L’adagio è un pronunciamento filosofico che riporta qualche importante dato dell’esperienza o che ha guadagnato credibilità nella pratica. Adagio è un indispensabile tempo musicale e nel linguaggio comune significa lento. Nel gioco espresso dall’Inter c’è molto di questa parola ma c’è anche irrigidimento e una ossessiva ricerca di un tipo di movimento standard a cui tutti i giocatori in campo devono rispondere.
Il gioco di Conte funziona alla grande in determinati momenti o periodi ma in questo inizio di stagione manca qualcosa che faccia compiere all’Inter il salto di qualità, il guizzo decisivo, quello che oggi è deputato quasi ossessivamente alle giocate e alla generosità di Lukaku, al quale l’idea di gioco si appoggia ossessivamente.

L’Inter non è riuscita a battere lo Shakhtar quasi incomprensibilmente, dopo una partita dominata per più di un’ora e comunque passata più nella metà campo avversaria che nella propria anche nei restanti 30 minuti. Due traverse, una decina di azioni culminate in pericoli disinnescati, un gol a porta vuota divorato da Lautaro Martinez e un rigore netto su Lukaku, l’ennesimo in una stagione in cui all’Inter non vengono misteriosamente fischiati a favore.
Diciamo che può succedere ma c’è anche nervosismo nei tifosi per il silenzio di una società che accetta tutto, non si fa mai sentire e dà la sensazione di essere inerte.

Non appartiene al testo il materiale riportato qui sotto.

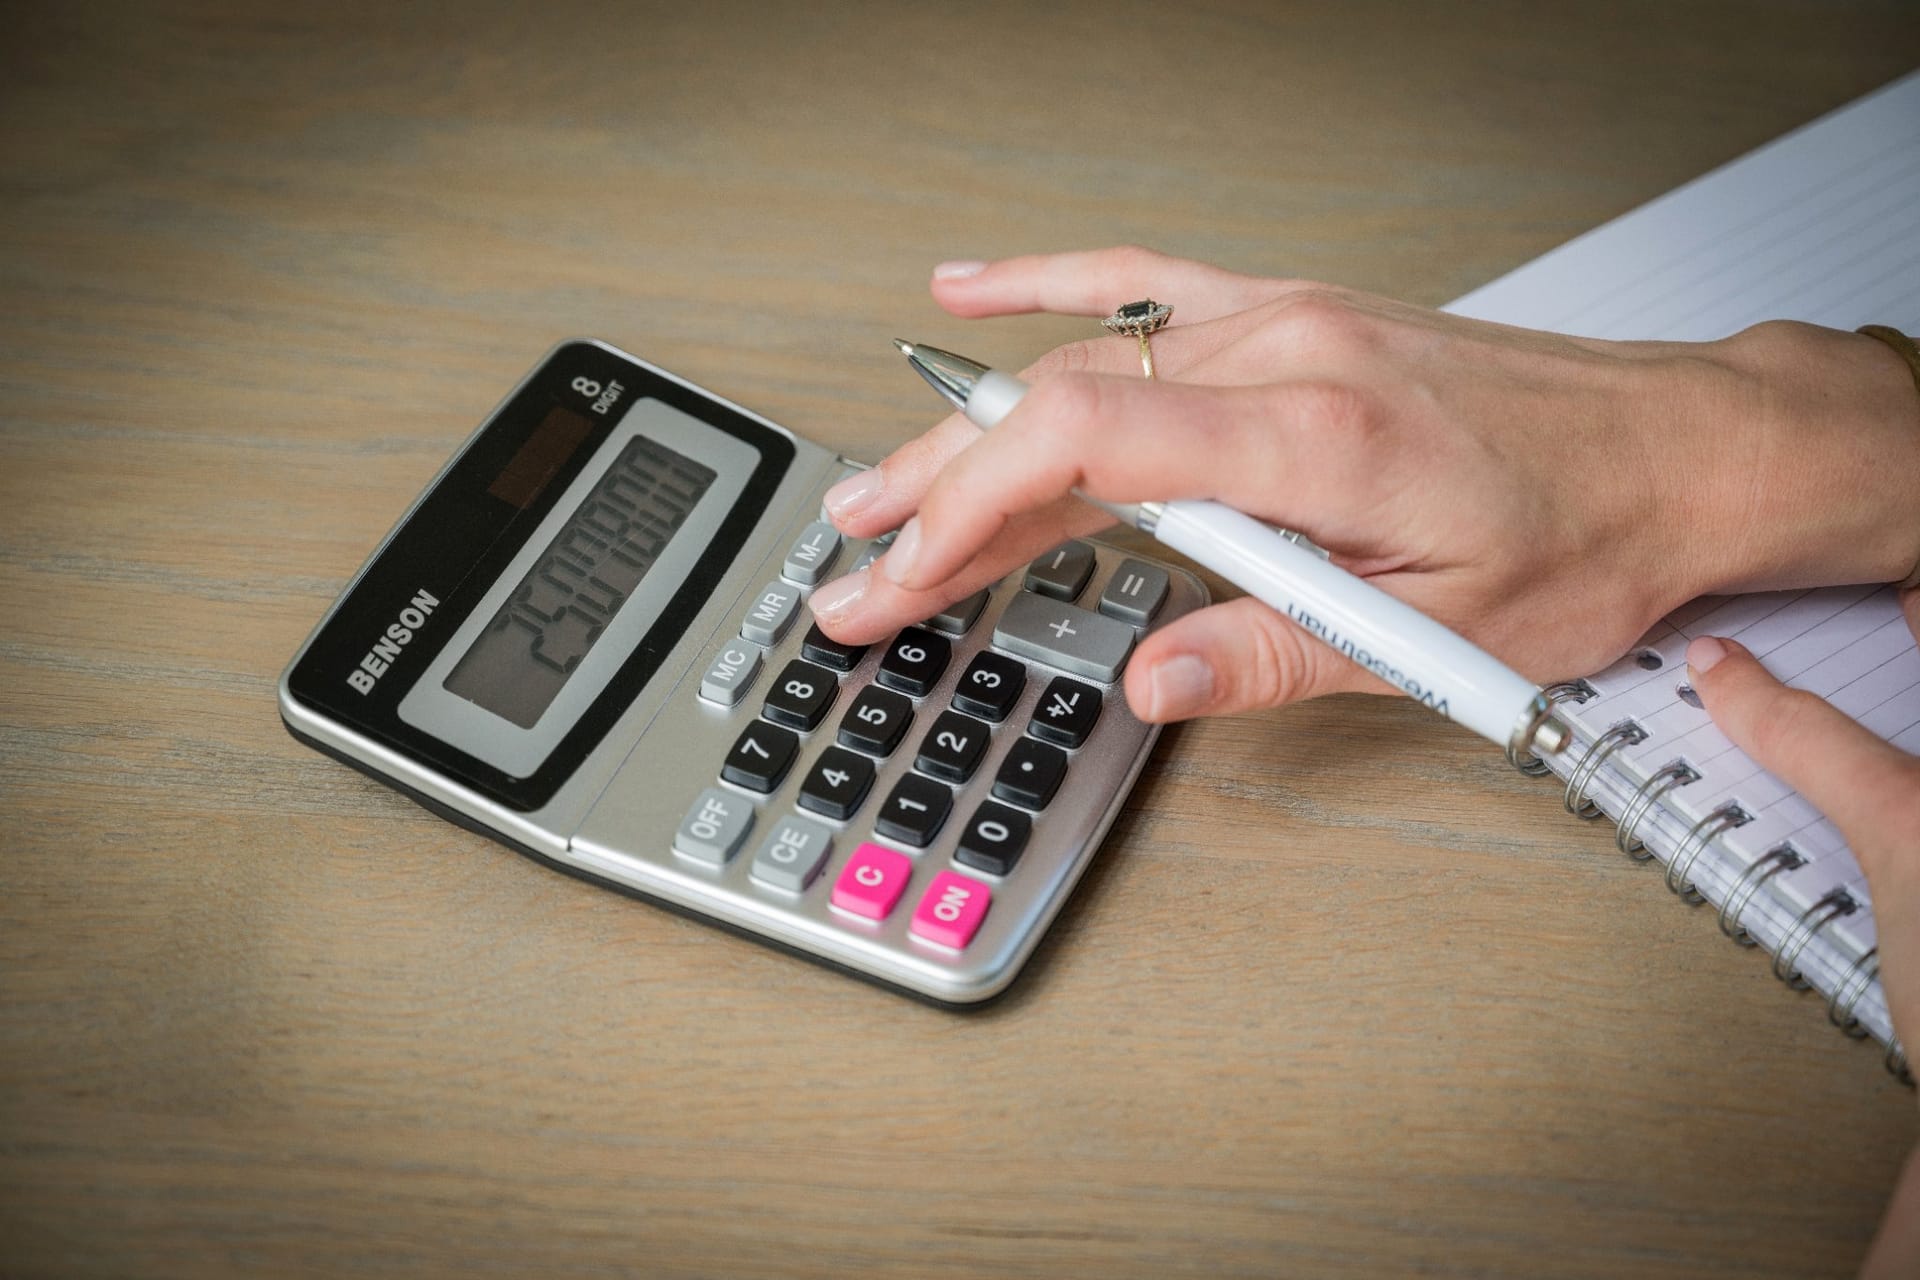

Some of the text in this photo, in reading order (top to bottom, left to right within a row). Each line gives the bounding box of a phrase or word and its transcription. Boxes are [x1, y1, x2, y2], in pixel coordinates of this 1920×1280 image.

Il disappunto c’è però soprattutto per un gioco che ha perso, da esattamente un anno, l’unico modello di giocatore capace di renderlo meno ottuso, meno prevedibile: Stefano Sensi. I suoi infortuni senza fine lasciano sconcertati, anche perché non sembrano così gravi da lasciarlo fuori così a lungo ma è comunque come non averlo. Un giocatore ipotetico che esiste solo virtualmente e nel frattempo Conte manda in campo squadre di lotta che però devono creare, lasciando in panchina un giocatore come Eriksen che potrebbe migliorare e di parecchio l’imprevedibilità della squadra. Il problema è che quando gioca è costretto a convivere con Brozovic, il quale occupa il suo posto, persino quando subentra come con lo Shakhtar a 12 minuti dalla fine, costretto dal tecnico a schiacciarsi con gli altri nei pressi dell’area ucraina mentre Brozovic, proprio lui e Bastoni (Bastoni!) impostano la manovra.

Conte sembra avere più paura di prendere gol e dei meccanismi ancora difettosi della squadra, sembra più improntato a teleguidare la squadra, usando i suoi come giocatori virtuali, di quanto non sia disponibile a tollerarne le iniziative, mostrando una certa predisposizione militare. Per lui sono soldati più che giocatori, il passaggio non deve mai essere rischioso, la giocata deve essere la più precisa possibile ma anche la meno dannosa e così i giocatori giocano senza felicità, senza armonia, muovendosi diligentemente, come quando c’era Mazzarri ma in cui vi era meno qualità.

La qualità manca anche oggi perché il gioco deve essere prima sicuro e poi anche nocivo per gli avversari. La sfortuna c’entra ma fino ad un certo punto perché è evidente a tutti che l’Inter privilegi il gioco nella metà campo avversaria, come se così potesse disporne e sfondarne la resistenza ma funziona solo se al ventesimo passaggio o lancio su Lukaku, questo riesce finalmente a liberarsi e tirare. Con Genoa e Shakhtar è stata giocata la stessa partita, con avversari che hanno lasciato tutto il campo alla squadra di Conte, intuendo la propria fragilità ma anche i punti deboli di un’Inter che orienta il suo gioco attraverso interpreti formidabili come Vidal, Barella e Brozovic che corrono ma solo con ordine. Viene chiesto a Bastoni di avanzare e lui lo fa ma poi non sa cosa fare con la palla, perciò si gira, si volta, perde infiniti tempi di gioco e ferma tutta la manovra, questo perché all’Inter non si gioca di prima. Eriksen dovrebbe giocare al posto di Brozovic, coperto dai Vidal e Barella, non con Brozo che fa lo stesso mestiere. Anche Hakimi è costretto a ricevere palloni senza usare troppo la velocità, perchè gioca nello stretto e su di lui ci sono raddoppi di marcatura.

La qualificazione è ancora più dura di quanto non fosse già stata nelle ultime due edizioni e se la dovrà disputare con il Real Madrid, che ha giocato in versione superficiale le prime due gare di Champions. Ad oggi l’Inter con le grandi non vince praticamente mai e c’è da svoltare anche in questo senso perché in serie A si può fare molto bene ma in Champions i bonus sono finiti.